- Mid and South Essex ICS plans to implement EPR across main providers by 2025
An integrated care system is planning on launching what it believes is the ‘first’ single electronic patient record across acute, mental health and community providers.
Mid and South Essex ICS is hoping to have a joint EPR system across its main providers in place by March 2025, its board papers show. However, the papers added the final timeline for deployment was still to be confirmed, as this was subject to approval and supplier choice.
It said it plans to spend £36m on the project involving Mid and South Essex Foundation Trust and Essex Partnership University Trust – the acute trust and mental health and community trust respectively within the ICS’s geography – with £27m funded by the Department of Health and Social Care. However, the ICB has since said these figures are provisional.

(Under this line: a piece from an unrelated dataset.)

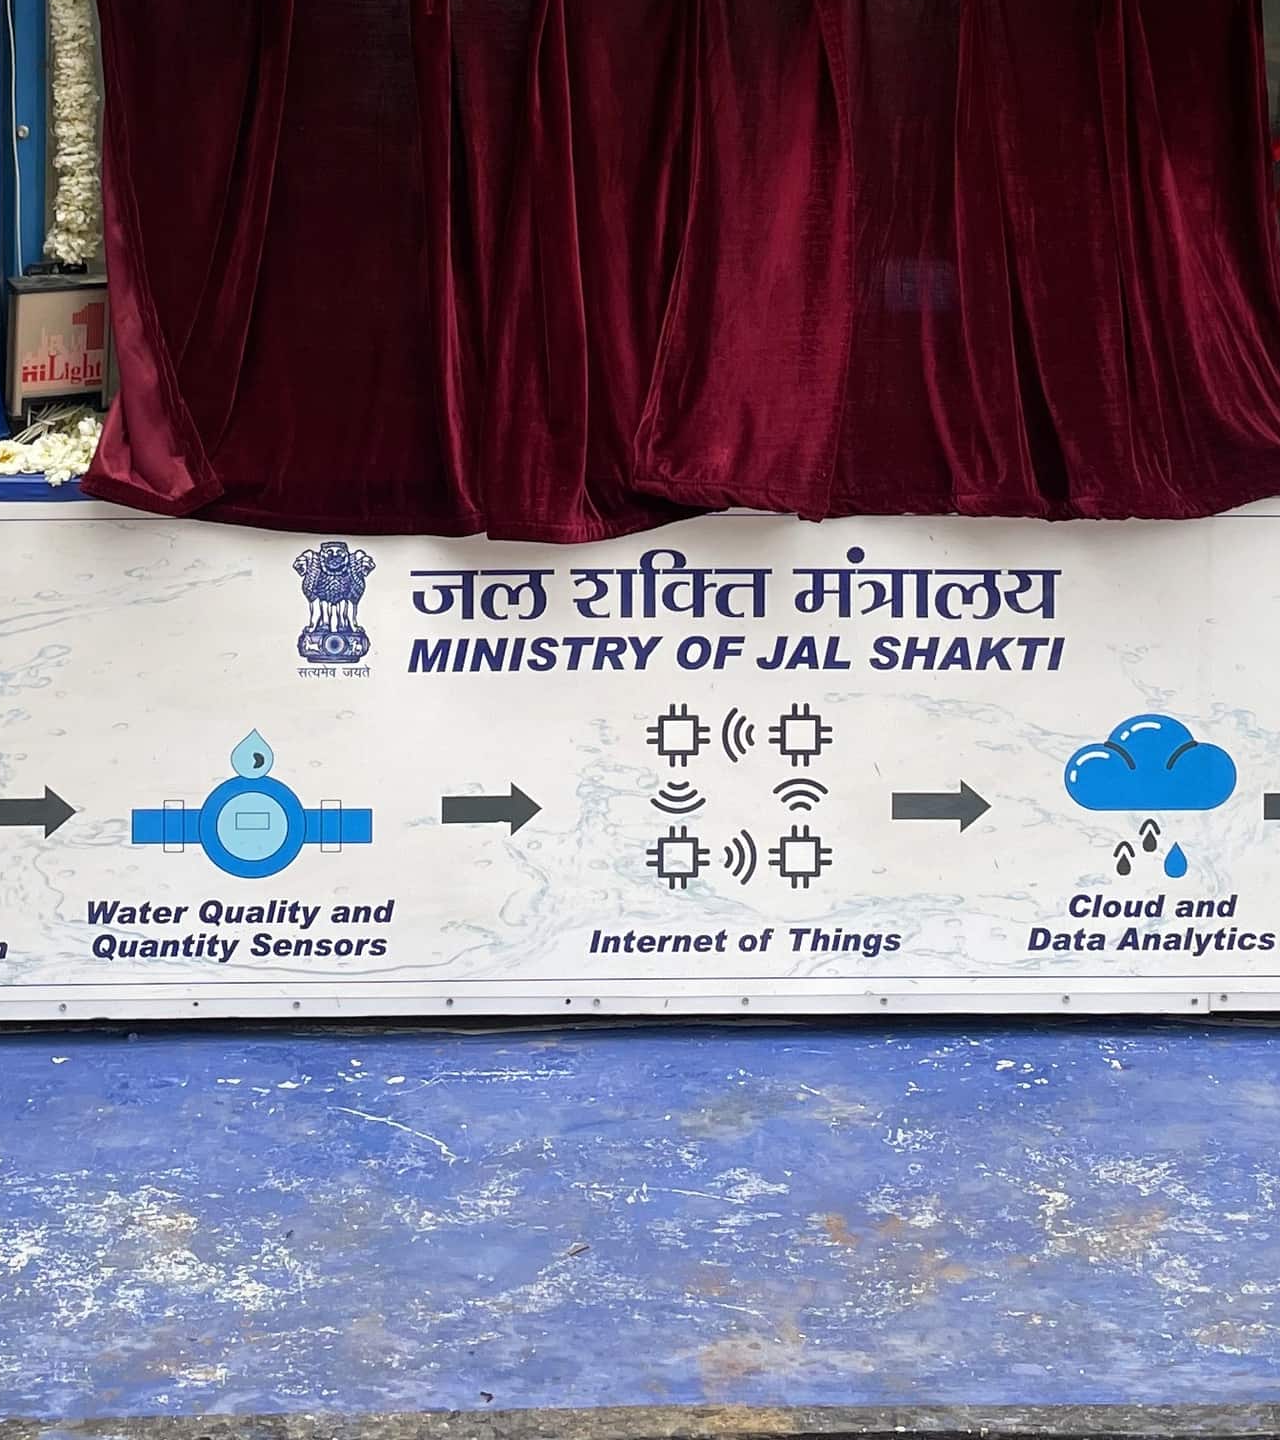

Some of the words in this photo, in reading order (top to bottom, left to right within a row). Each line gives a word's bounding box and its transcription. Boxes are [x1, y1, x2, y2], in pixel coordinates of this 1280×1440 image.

NHS England told ICSs to come up with plans for a single or “converged” patient record system last year.
A number of acute trusts within systems have been exploring moving to a single EPR, including in Cheshire and Merseyside and Norfolk. Neighbouring Devon and Cornwall ICS were looking to set up a joint EPR across their acute trusts, although one of them has now called this unlikely.
However, Mid and South Essex ICS is believed to be the first to plan an EPR across all of its health providers, regardless of sector.
A document presented to its May board said: “There are many areas across the MSE ICS where our residents have overlapping needs across acute, mental health and community care – yet our systems are not setup to manage this effectively.”
It said it wanted to address this by building an integrated health care solution infrastructure “for the first time” in the UK.
The document said: “Our system currently relies on an ‘unintegrated’ digital health infrastructure with over 10 siloed clinical systems.” It added MSEFT had three EPR systems, while EPUT had seven.
The paper continued: “Lack of EPR integration prevents staff from having an overall picture of the patient’s clinical journey and consistent access to viewing patient records and notes. This leads to gaps in the patient’s clinical pathway and poses risks.”
It added: “There is no system in the UK market that currently delivers the functionality required across all care settings. MSEFT and EPUT would be ‘first movers’ in this space.”
The plan was presented as part of the ICS’s joint forward plan, which was labelled as draft. The paper said the business case was going through DHSC governance and it hoped to have full business case approval by the end of the financial year.
HSJ asked if the draft plan had now been approved and whether the outline business case has now been approved.
Update 15:14pm 14 June - The ICB has told HSJ the £36m spend figure and £27m DHSC funding figure are provisional figures. HSJ has amended the story to reflect this.
12:35pm 14 June - Since this article was first published, the ICB has been in touch to say the draft document in its board papers (which this article was based on) is now out of date and has said it will be providing a response to clarify specifically which parts have been superseded. HSJ will update this article as needed once that information is provided.
HSJ made multiple attempts to clarify details with the ICB before publication to ensure the article’s accuracy.